> _Your assignment_: Any picture in the data below should be skipped, while every line is repeated exactly.

─── Source records ───

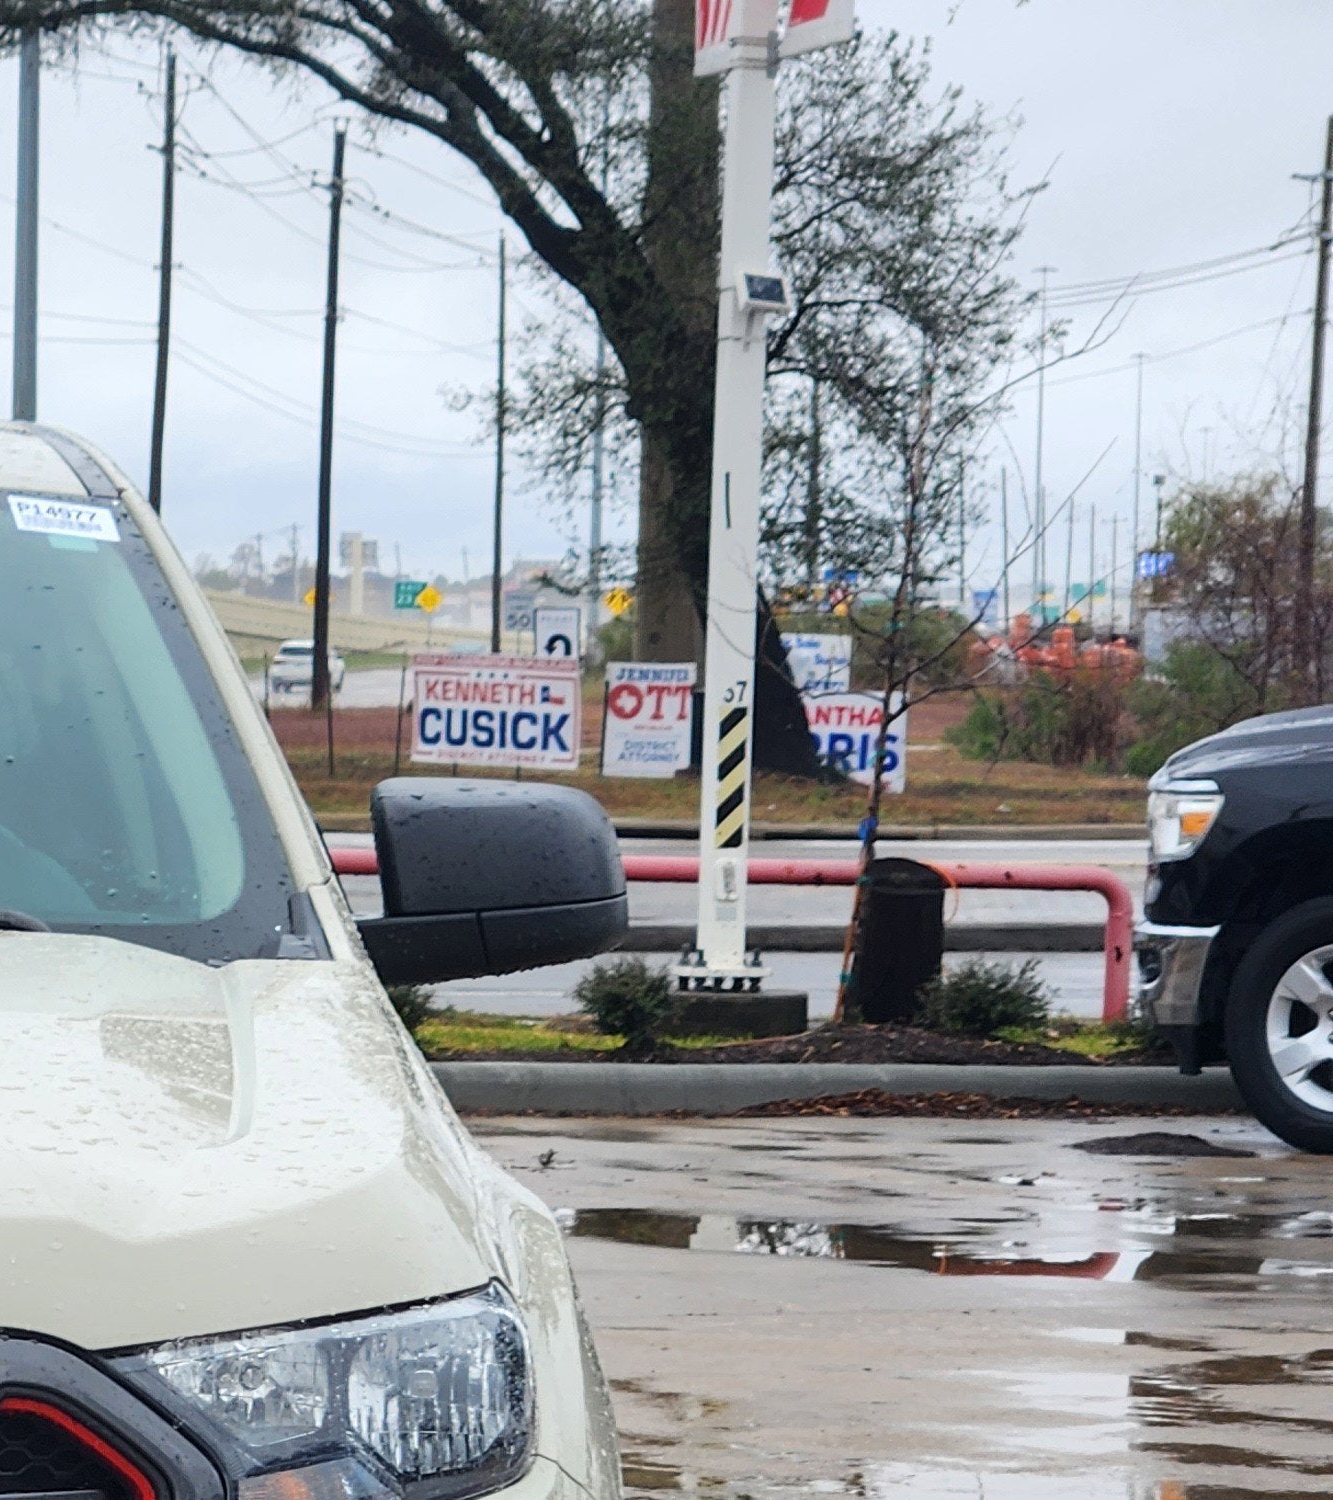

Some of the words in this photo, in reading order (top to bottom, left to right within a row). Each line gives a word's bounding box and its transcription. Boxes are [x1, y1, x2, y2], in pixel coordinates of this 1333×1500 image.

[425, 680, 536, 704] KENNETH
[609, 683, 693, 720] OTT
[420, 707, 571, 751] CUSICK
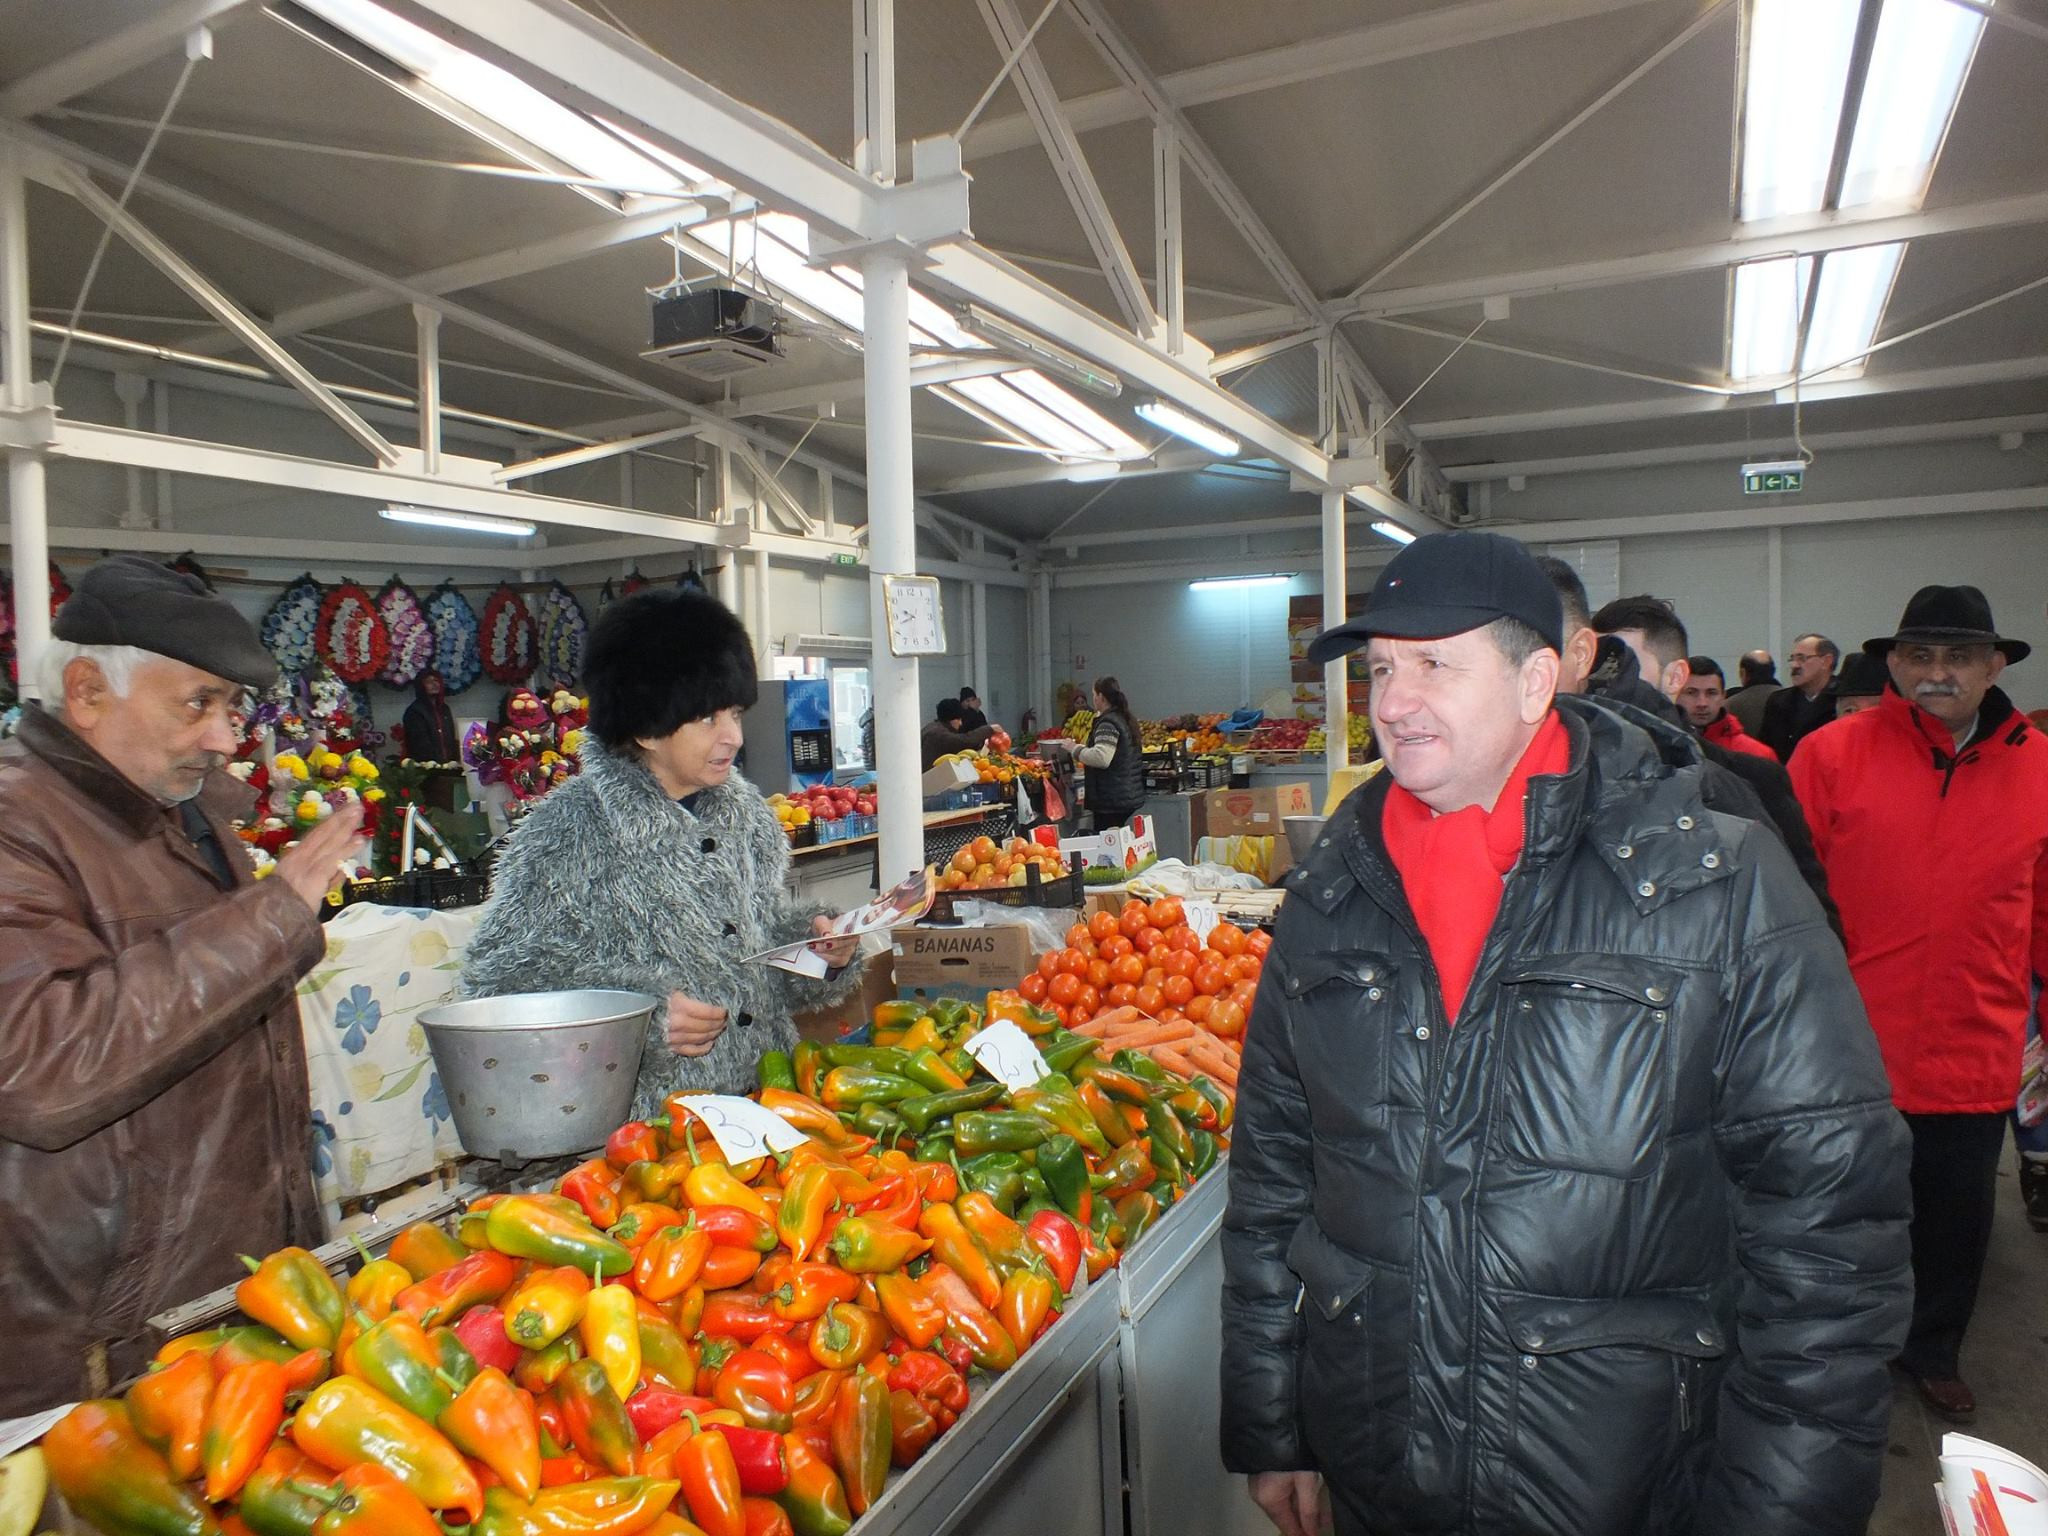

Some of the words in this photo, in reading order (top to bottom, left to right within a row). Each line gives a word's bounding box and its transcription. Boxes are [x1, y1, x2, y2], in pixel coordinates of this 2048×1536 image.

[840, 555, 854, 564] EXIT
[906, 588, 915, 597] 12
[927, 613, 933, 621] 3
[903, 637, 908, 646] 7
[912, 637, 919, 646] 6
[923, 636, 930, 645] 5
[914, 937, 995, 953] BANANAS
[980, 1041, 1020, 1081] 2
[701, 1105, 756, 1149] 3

───

> _Exercise output_:
Some of the words in this photo, in reading order (top to bottom, left to right within a row). Each line gives a word's bounding box and its transcription. Boxes are [x1, y1, x2, y2], in pixel coordinates of this 1333×1500 image.

[425, 680, 536, 704] KENNETH
[609, 683, 693, 720] OTT
[420, 707, 571, 751] CUSICK

Some of the words in this photo, in reading order (top to bottom, left to right within a row). Each line gives a word's bounding box and its transcription. Boxes are [x1, y1, x2, y2], in pixel coordinates of this 2048×1536 image.

[840, 555, 854, 564] EXIT
[906, 588, 915, 597] 12
[927, 613, 933, 621] 3
[903, 637, 908, 646] 7
[912, 637, 919, 646] 6
[923, 636, 930, 645] 5
[914, 937, 995, 953] BANANAS
[980, 1041, 1020, 1081] 2
[701, 1105, 756, 1149] 3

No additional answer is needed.